Le numéro un du PC publiait cette nuit ses résultats trimestriels. Selon les dernières estimations des analystes, les pertes de Compaq se montent à environ 250 millions de dollars pour le deuxième trimestre de l'année. Des difficultés financières qui s'expliquent par le rachat de Digital par Compaq l'an dernier. La mégafusion a engendré d'importants problèmes structurels, notamment au niveau de la distribution et de l'organisation des secteurs de vente.

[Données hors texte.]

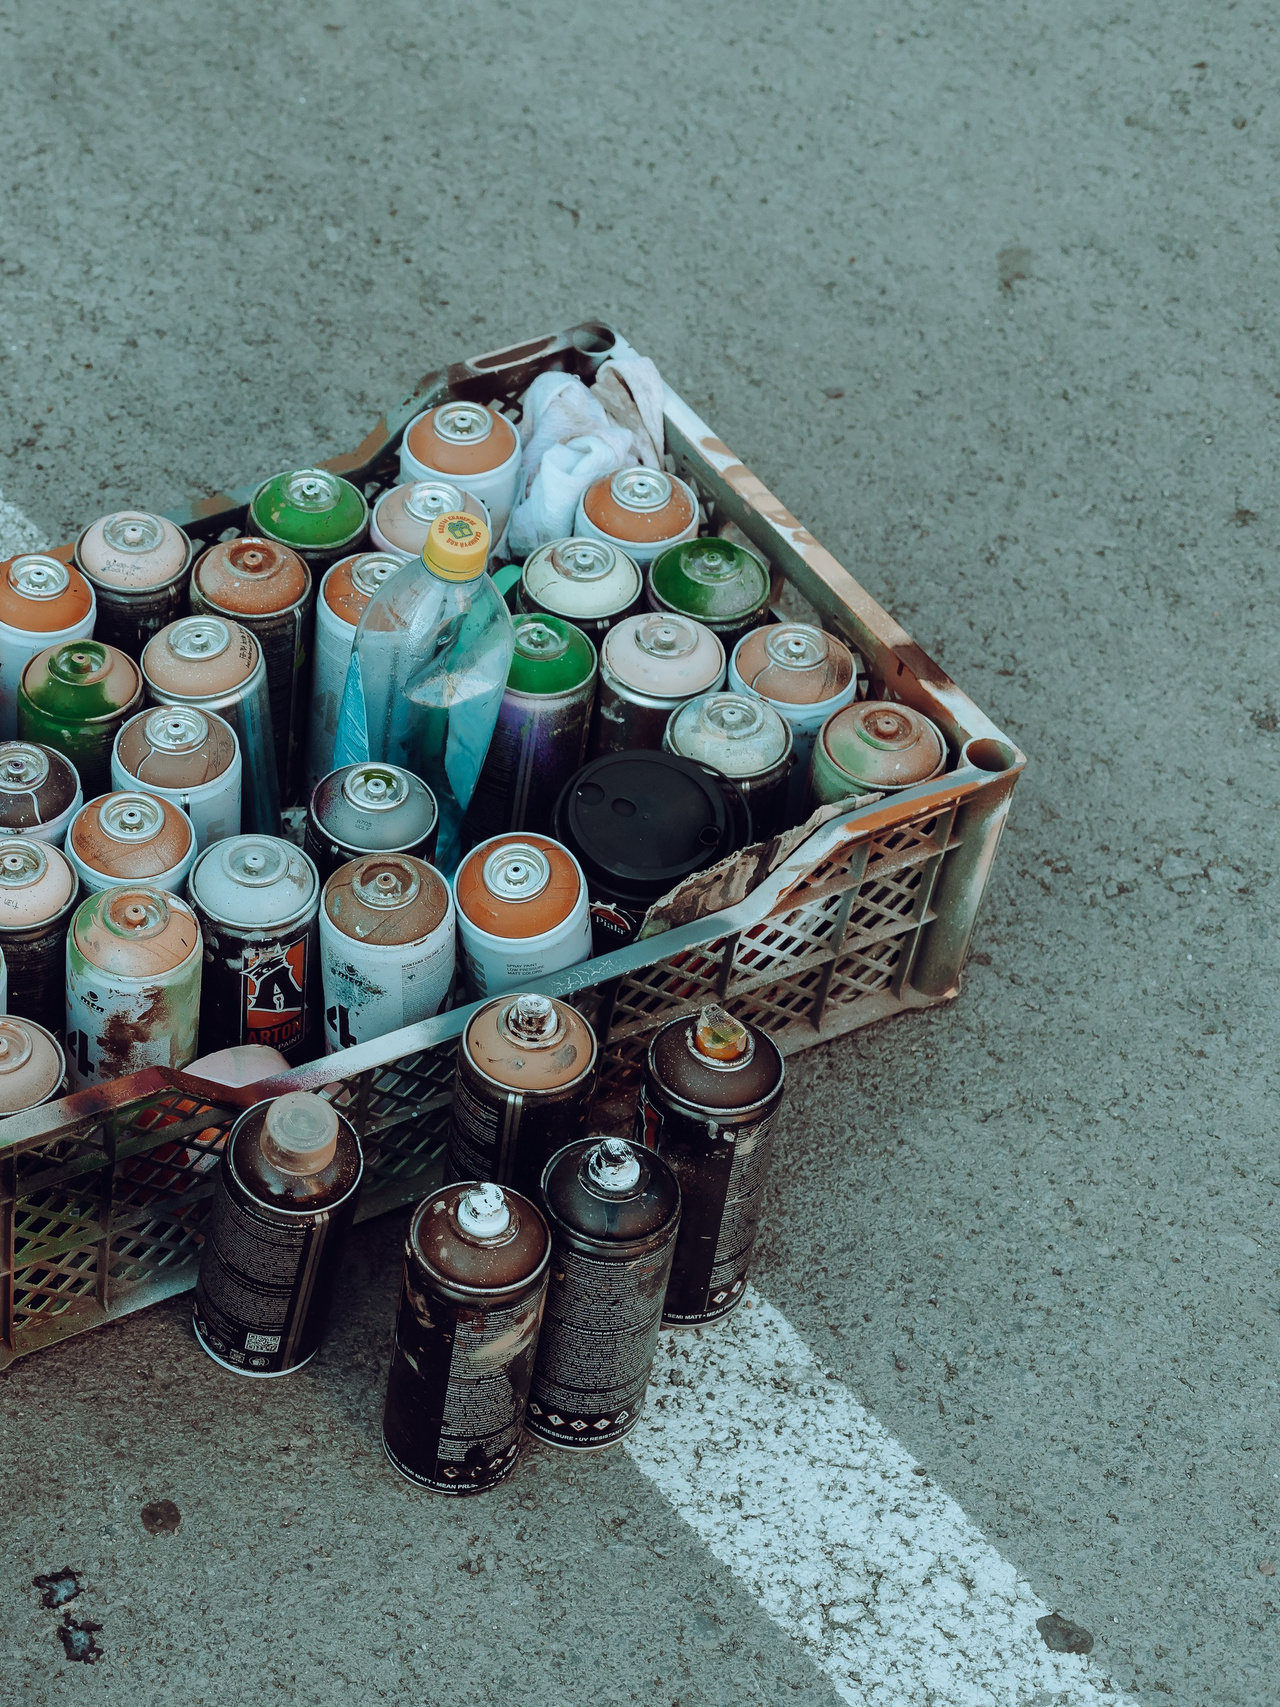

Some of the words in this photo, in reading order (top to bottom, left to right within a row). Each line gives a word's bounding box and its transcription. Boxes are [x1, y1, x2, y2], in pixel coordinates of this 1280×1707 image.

[4, 899, 19, 909] WELL
[401, 959, 424, 969] MONTANA
[80, 995, 105, 1013] mtn
[246, 1017, 303, 1046] ARTON
[278, 1035, 301, 1050] PAINT
[706, 1308, 724, 1317] MEAN
[539, 1425, 574, 1441] PRESSURE
[589, 1428, 622, 1441] RESISTANT
[401, 1463, 415, 1475] SEMI
[415, 1473, 432, 1484] MATT

Cette période de crise s'est achevée par le départ du directeur général de l'entreprise, Eckhard Pfeiffer, et d'une partie de son équipe en avril dernier.

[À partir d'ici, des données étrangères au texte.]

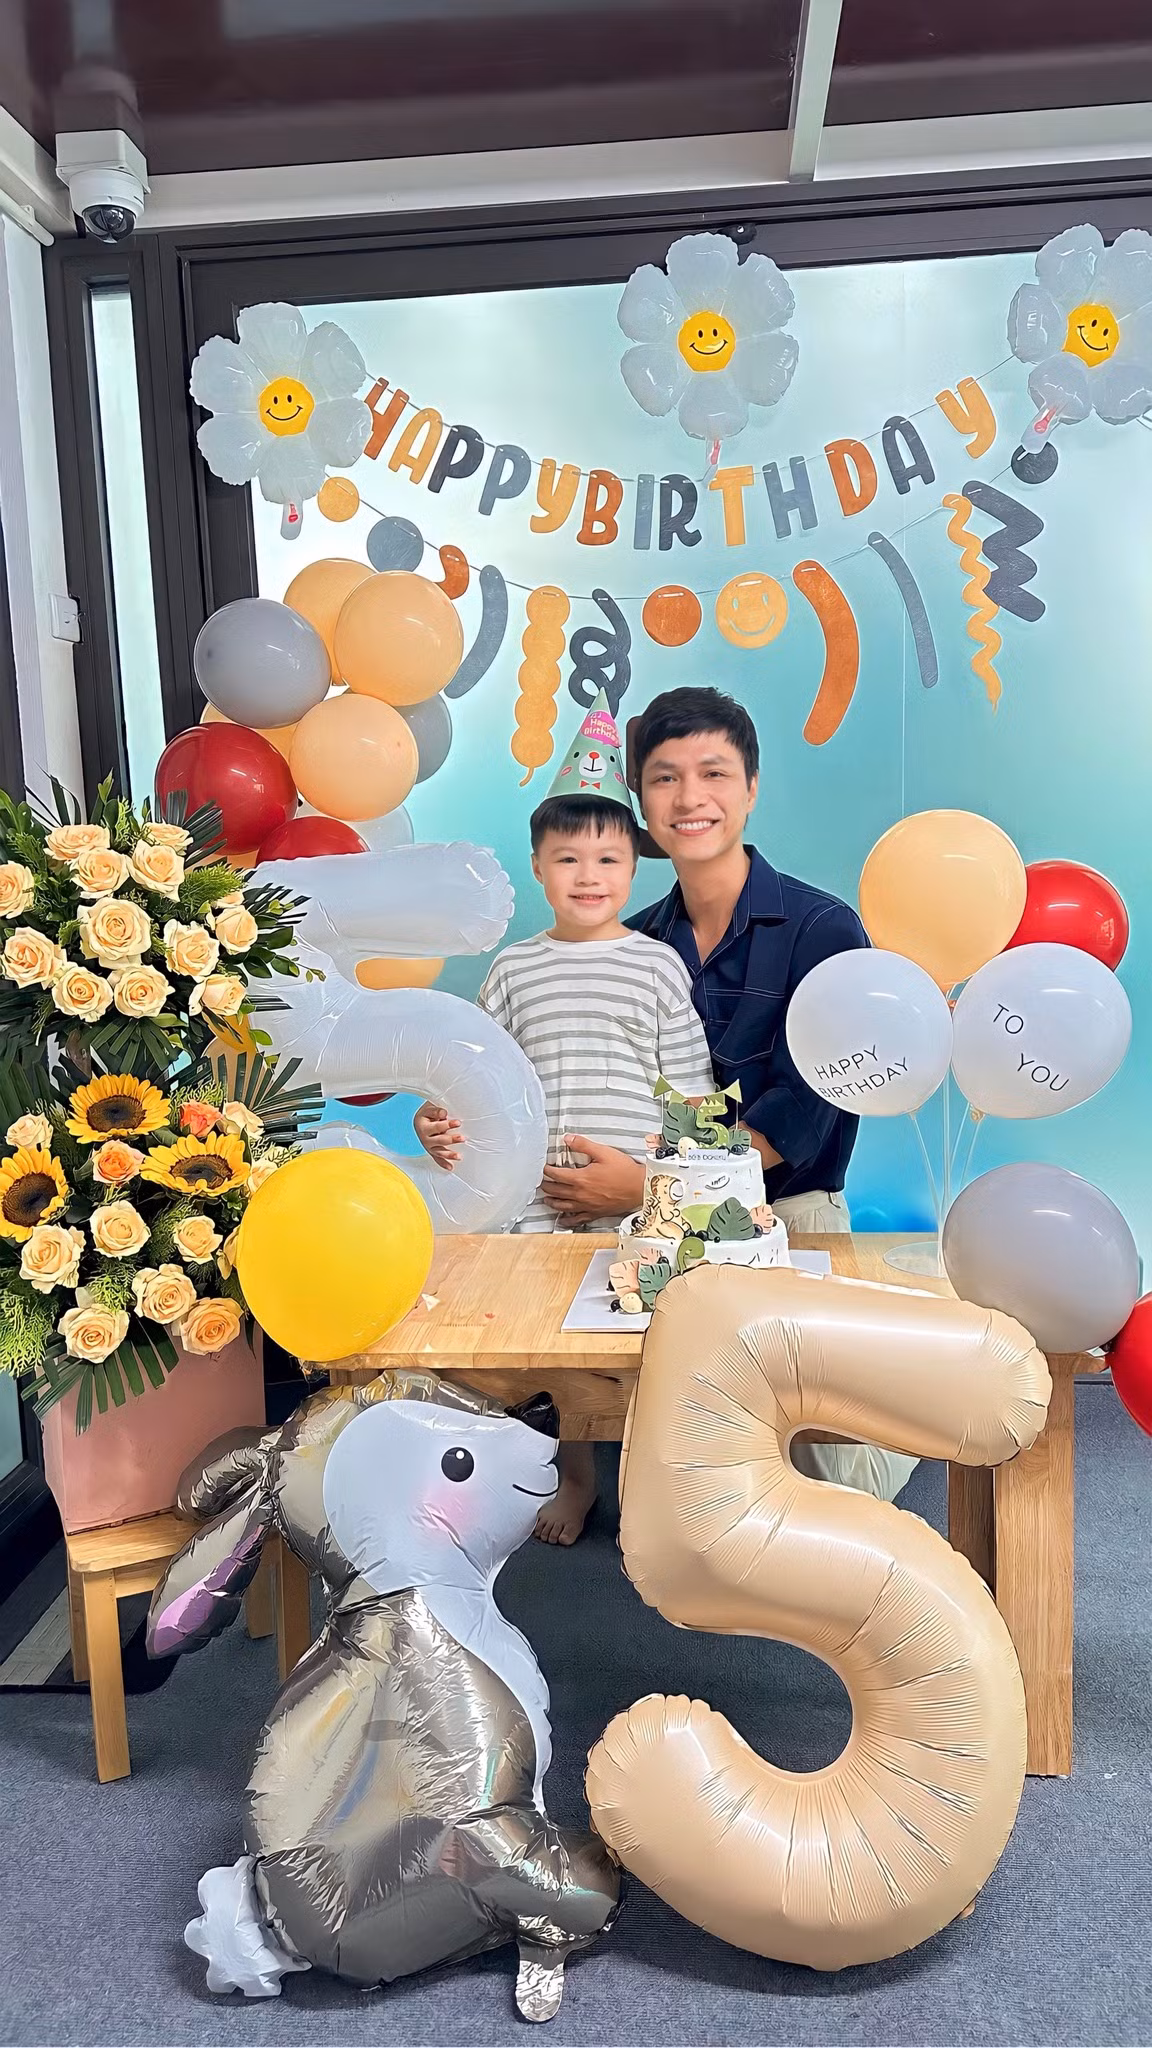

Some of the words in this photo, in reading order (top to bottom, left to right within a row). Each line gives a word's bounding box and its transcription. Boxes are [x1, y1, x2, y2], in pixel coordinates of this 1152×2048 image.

La semaine passée, Michael Capellas, ancien cadre du géant logiciel Oracle, a été nommé à la tête de Compaq. Arrivé au sein de la firme de Houston en août 1998, il s'est rapidement imposé dans l'équipe dirigeante mise en place par le président du conseil d'administration Ben Rosen suite à l'éviction d'Eckhard Pfeiffer. Michael Capellas, 44 ans, aura pour mission principale de mener à bien la réorganisation du groupe en trois unités, la première tournée vers le marché des particuliers (avec un objectif de revenus estimé à 60 milliards de dollars), la deuxième vers les PC et les portables d'entreprise (120 milliards) et la troisième vers les services et les gros systèmes professionnels (550 milliards). Compaq doit par ailleurs développer massivement la vente directe par téléphone et sur Internet pour rivaliser avec l'autre fabricant texan, Dell, qui travaille sans intermédiaires et peut ainsi limer sur ses marges.

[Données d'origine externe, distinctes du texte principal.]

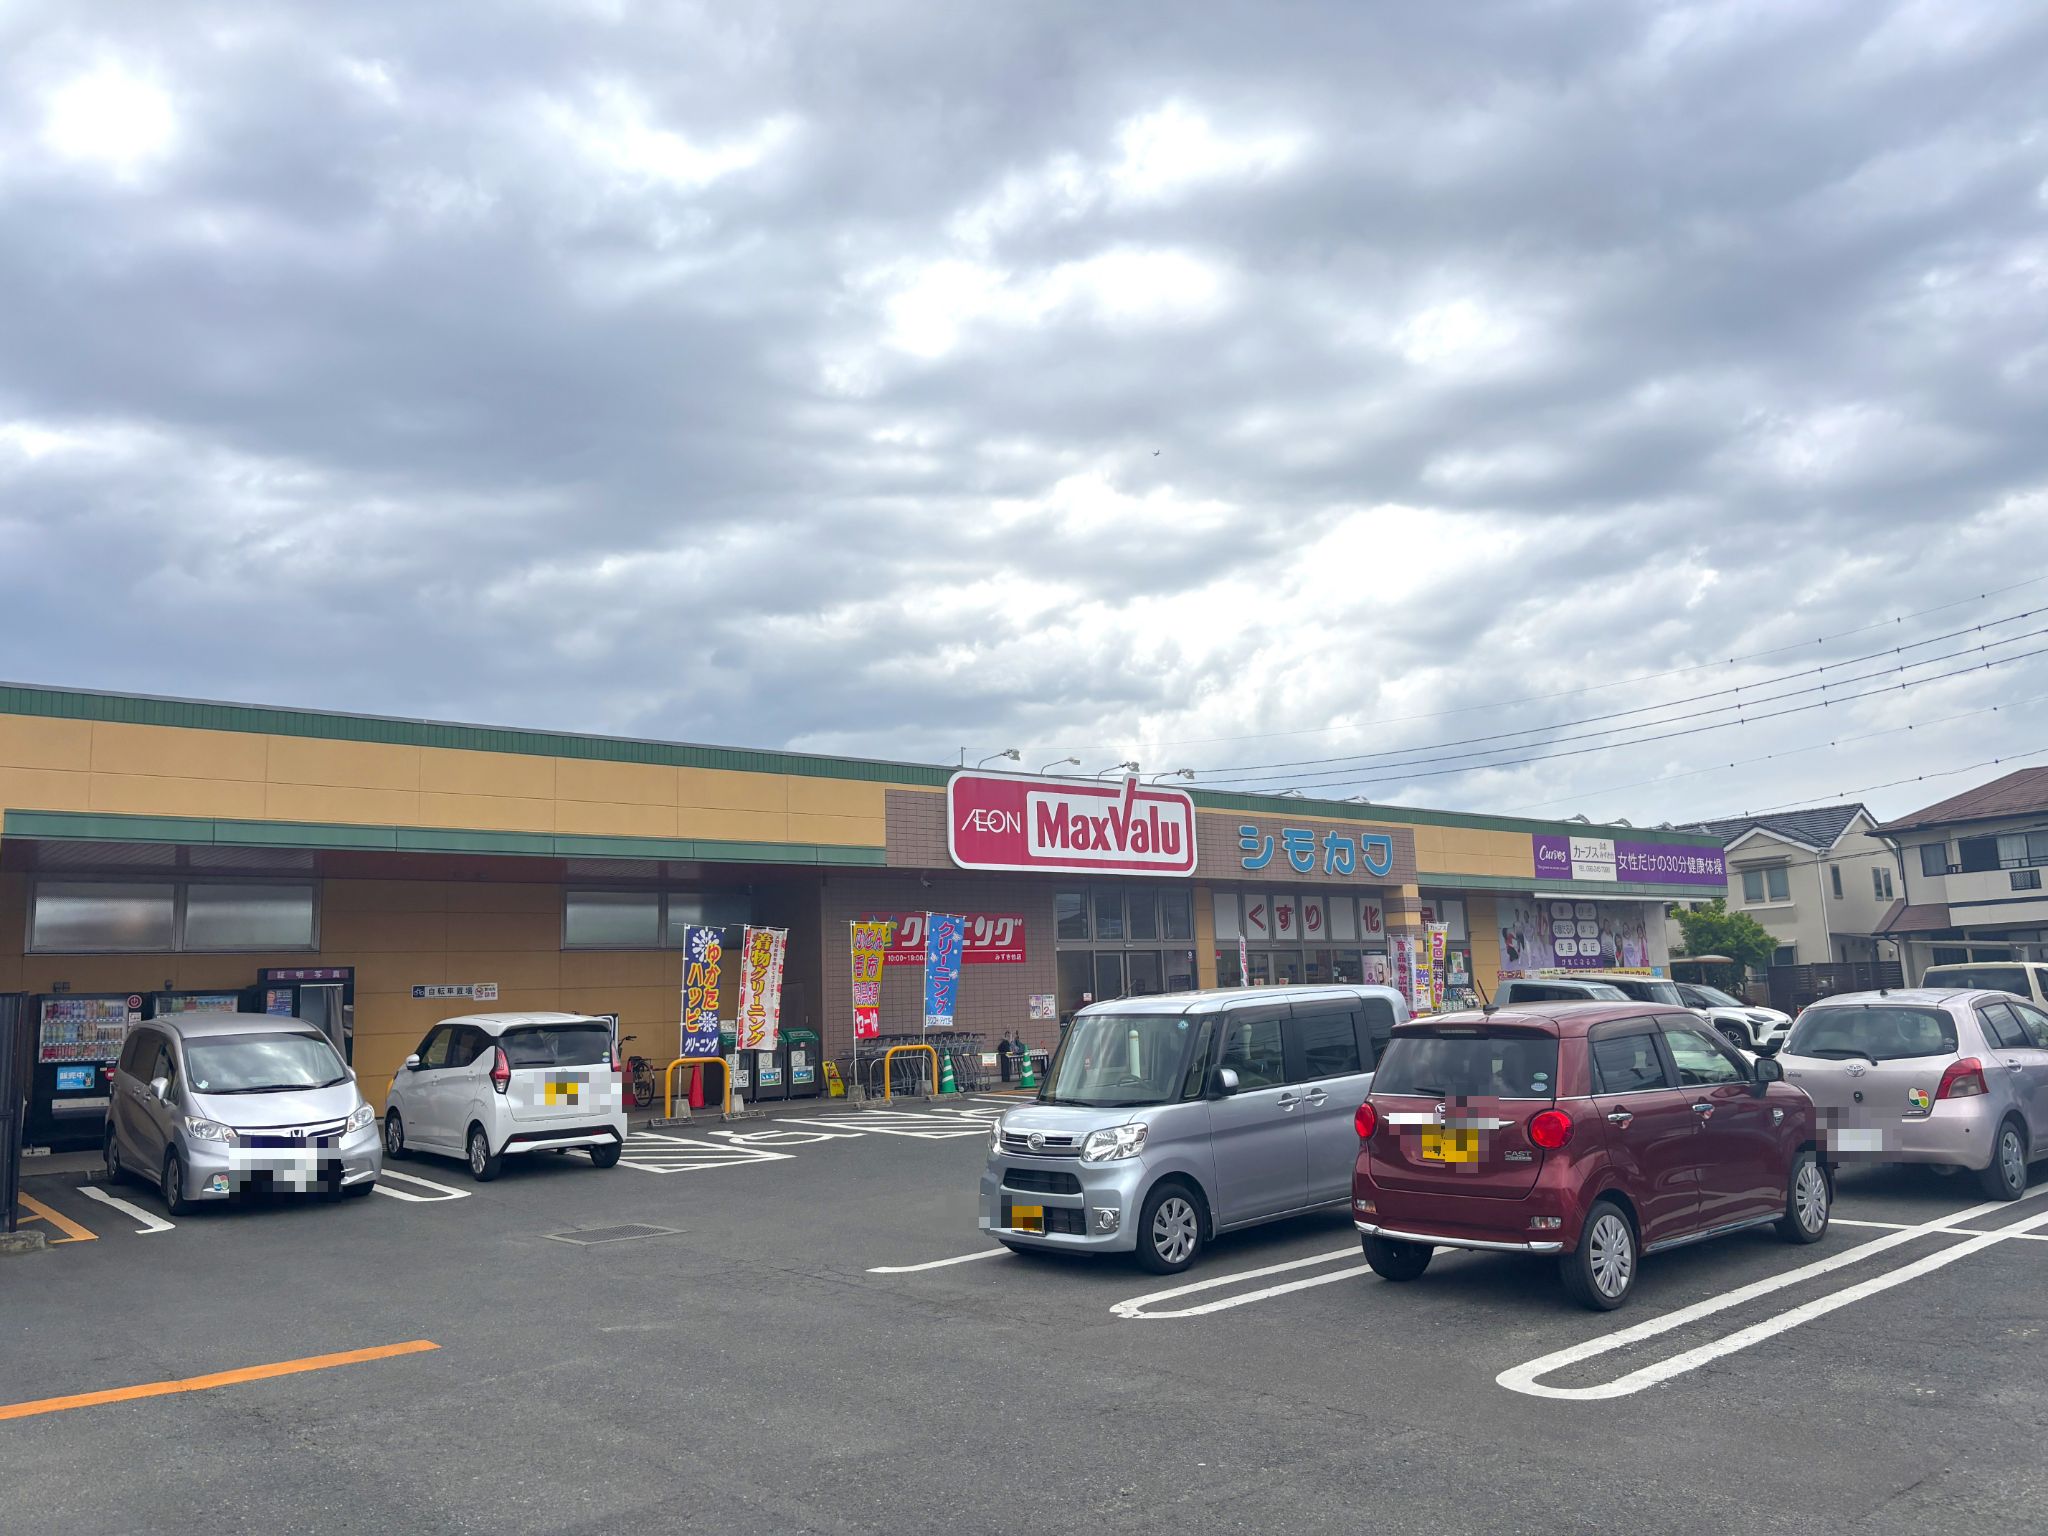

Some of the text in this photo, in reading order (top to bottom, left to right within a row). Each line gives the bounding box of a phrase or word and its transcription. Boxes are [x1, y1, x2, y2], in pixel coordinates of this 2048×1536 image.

[1036, 778, 1181, 855] MaxValu
[1239, 825, 1394, 877] シモカワ
[1539, 844, 1567, 863] Curves
[1573, 844, 1599, 859] カーブス
[1617, 852, 1724, 876] 女性だけの30分健康体操
[1248, 904, 1322, 931] くすり
[855, 928, 883, 951] ふとん
[704, 944, 721, 1010] ゆかた
[855, 954, 879, 978] 毛布
[934, 920, 954, 1015] クリーニング
[428, 987, 473, 996] 自転車置場
[686, 962, 704, 1032] ハッピ
[746, 933, 773, 1047] 着物クリーニング
[685, 1037, 719, 1053] クリーニング

«Nous souhaitons qu'avec Michael Capellas à sa tête, Compaq réalise le même bond en avant au niveau mondial qu'en Suisse», sourit Jean-Jacques Suter, directeur de Compaq Suisse romande, qui présentait hier à Genève les résultats de la filiale helvétique. Lors du deuxième trimestre, le fabricant a réalisé un chiffre d'affaires de 348 millions de francs, soit une progression de 10% par rapport à l'an dernier. «Autant au niveau des services que des produits, nos objectifs de croissance ont été largement atteints», poursuit Jean-Jacques Suter. Le groupe s'attend cependant à un ralentissement de la croissance pour la deuxième partie de l'année, en raison notamment du passage à l'an 2000 qui engendre un recul des investissements, principalement pour les produits haut de gamme.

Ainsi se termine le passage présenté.